Exercise details: What you hand back must match the listing exactly.

*** Begin section ***

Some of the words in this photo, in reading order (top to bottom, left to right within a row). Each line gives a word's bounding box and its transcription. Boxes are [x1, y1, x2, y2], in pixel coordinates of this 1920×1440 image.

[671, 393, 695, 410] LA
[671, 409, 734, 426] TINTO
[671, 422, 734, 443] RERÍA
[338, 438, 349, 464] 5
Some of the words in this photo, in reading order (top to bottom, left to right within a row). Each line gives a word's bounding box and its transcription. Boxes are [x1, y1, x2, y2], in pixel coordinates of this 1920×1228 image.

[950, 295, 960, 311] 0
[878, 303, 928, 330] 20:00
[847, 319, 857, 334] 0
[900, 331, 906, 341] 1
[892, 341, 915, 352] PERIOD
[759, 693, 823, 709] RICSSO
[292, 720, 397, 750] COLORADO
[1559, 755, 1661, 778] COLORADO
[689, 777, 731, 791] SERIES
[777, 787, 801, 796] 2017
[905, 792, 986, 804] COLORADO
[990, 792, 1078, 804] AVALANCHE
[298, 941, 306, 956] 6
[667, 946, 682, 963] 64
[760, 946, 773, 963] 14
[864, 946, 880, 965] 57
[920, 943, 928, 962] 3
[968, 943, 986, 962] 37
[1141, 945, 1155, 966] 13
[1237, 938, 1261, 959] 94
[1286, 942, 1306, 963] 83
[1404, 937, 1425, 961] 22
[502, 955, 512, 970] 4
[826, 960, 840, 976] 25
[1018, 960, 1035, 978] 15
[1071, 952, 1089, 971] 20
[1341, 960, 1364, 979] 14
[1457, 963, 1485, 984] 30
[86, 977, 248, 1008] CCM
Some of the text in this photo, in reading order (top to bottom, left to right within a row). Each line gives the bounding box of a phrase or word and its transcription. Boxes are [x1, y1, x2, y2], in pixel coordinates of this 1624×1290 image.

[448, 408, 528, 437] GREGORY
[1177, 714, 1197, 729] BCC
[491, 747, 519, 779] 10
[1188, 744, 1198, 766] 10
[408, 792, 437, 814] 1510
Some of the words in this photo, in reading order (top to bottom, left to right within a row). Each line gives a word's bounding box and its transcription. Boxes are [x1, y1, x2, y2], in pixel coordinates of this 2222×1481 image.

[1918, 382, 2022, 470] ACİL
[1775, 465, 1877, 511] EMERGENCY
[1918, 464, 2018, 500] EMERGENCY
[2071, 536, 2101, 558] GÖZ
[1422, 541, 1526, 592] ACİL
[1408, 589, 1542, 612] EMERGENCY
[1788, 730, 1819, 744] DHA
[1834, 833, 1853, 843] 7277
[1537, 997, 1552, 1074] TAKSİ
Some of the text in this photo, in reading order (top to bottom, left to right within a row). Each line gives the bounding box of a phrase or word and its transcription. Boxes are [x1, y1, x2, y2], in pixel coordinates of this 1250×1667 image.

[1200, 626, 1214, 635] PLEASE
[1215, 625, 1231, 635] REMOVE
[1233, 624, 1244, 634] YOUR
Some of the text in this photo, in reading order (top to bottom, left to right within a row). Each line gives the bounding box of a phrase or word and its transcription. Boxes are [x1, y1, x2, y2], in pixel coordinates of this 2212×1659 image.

*** End section ***

Response:
Some of the words in this photo, in reading order (top to bottom, left to right within a row). Each line gives a word's bounding box and its transcription. Boxes are [x1, y1, x2, y2], in pixel coordinates of this 1920×1440 image.

[671, 393, 695, 410] LA
[671, 409, 734, 426] TINTO
[671, 422, 734, 443] RERÍA
[338, 438, 349, 464] 5
Some of the words in this photo, in reading order (top to bottom, left to right within a row). Each line gives a word's bounding box and its transcription. Boxes are [x1, y1, x2, y2], in pixel coordinates of this 1920×1228 image.

[950, 295, 960, 311] 0
[878, 303, 928, 330] 20:00
[847, 319, 857, 334] 0
[900, 331, 906, 341] 1
[892, 341, 915, 352] PERIOD
[759, 693, 823, 709] RICSSO
[292, 720, 397, 750] COLORADO
[1559, 755, 1661, 778] COLORADO
[689, 777, 731, 791] SERIES
[777, 787, 801, 796] 2017
[905, 792, 986, 804] COLORADO
[990, 792, 1078, 804] AVALANCHE
[298, 941, 306, 956] 6
[667, 946, 682, 963] 64
[760, 946, 773, 963] 14
[864, 946, 880, 965] 57
[920, 943, 928, 962] 3
[968, 943, 986, 962] 37
[1141, 945, 1155, 966] 13
[1237, 938, 1261, 959] 94
[1286, 942, 1306, 963] 83
[1404, 937, 1425, 961] 22
[502, 955, 512, 970] 4
[826, 960, 840, 976] 25
[1018, 960, 1035, 978] 15
[1071, 952, 1089, 971] 20
[1341, 960, 1364, 979] 14
[1457, 963, 1485, 984] 30
[86, 977, 248, 1008] CCM
Some of the text in this photo, in reading order (top to bottom, left to right within a row). Each line gives the bounding box of a phrase or word and its transcription. Boxes are [x1, y1, x2, y2], in pixel coordinates of this 1624×1290 image.

[448, 408, 528, 437] GREGORY
[1177, 714, 1197, 729] BCC
[491, 747, 519, 779] 10
[1188, 744, 1198, 766] 10
[408, 792, 437, 814] 1510
Some of the words in this photo, in reading order (top to bottom, left to right within a row). Each line gives a word's bounding box and its transcription. Boxes are [x1, y1, x2, y2], in pixel coordinates of this 2222×1481 image.

[1918, 382, 2022, 470] ACİL
[1775, 465, 1877, 511] EMERGENCY
[1918, 464, 2018, 500] EMERGENCY
[2071, 536, 2101, 558] GÖZ
[1422, 541, 1526, 592] ACİL
[1408, 589, 1542, 612] EMERGENCY
[1788, 730, 1819, 744] DHA
[1834, 833, 1853, 843] 7277
[1537, 997, 1552, 1074] TAKSİ
Some of the text in this photo, in reading order (top to bottom, left to right within a row). Each line gives the bounding box of a phrase or word and its transcription. Boxes are [x1, y1, x2, y2], in pixel coordinates of this 1250×1667 image.

[1200, 626, 1214, 635] PLEASE
[1215, 625, 1231, 635] REMOVE
[1233, 624, 1244, 634] YOUR
Some of the text in this photo, in reading order (top to bottom, left to right within a row). Each line gives the bounding box of a phrase or word and its transcription. Boxes are [x1, y1, x2, y2], in pixel coordinates of this 2212×1659 image.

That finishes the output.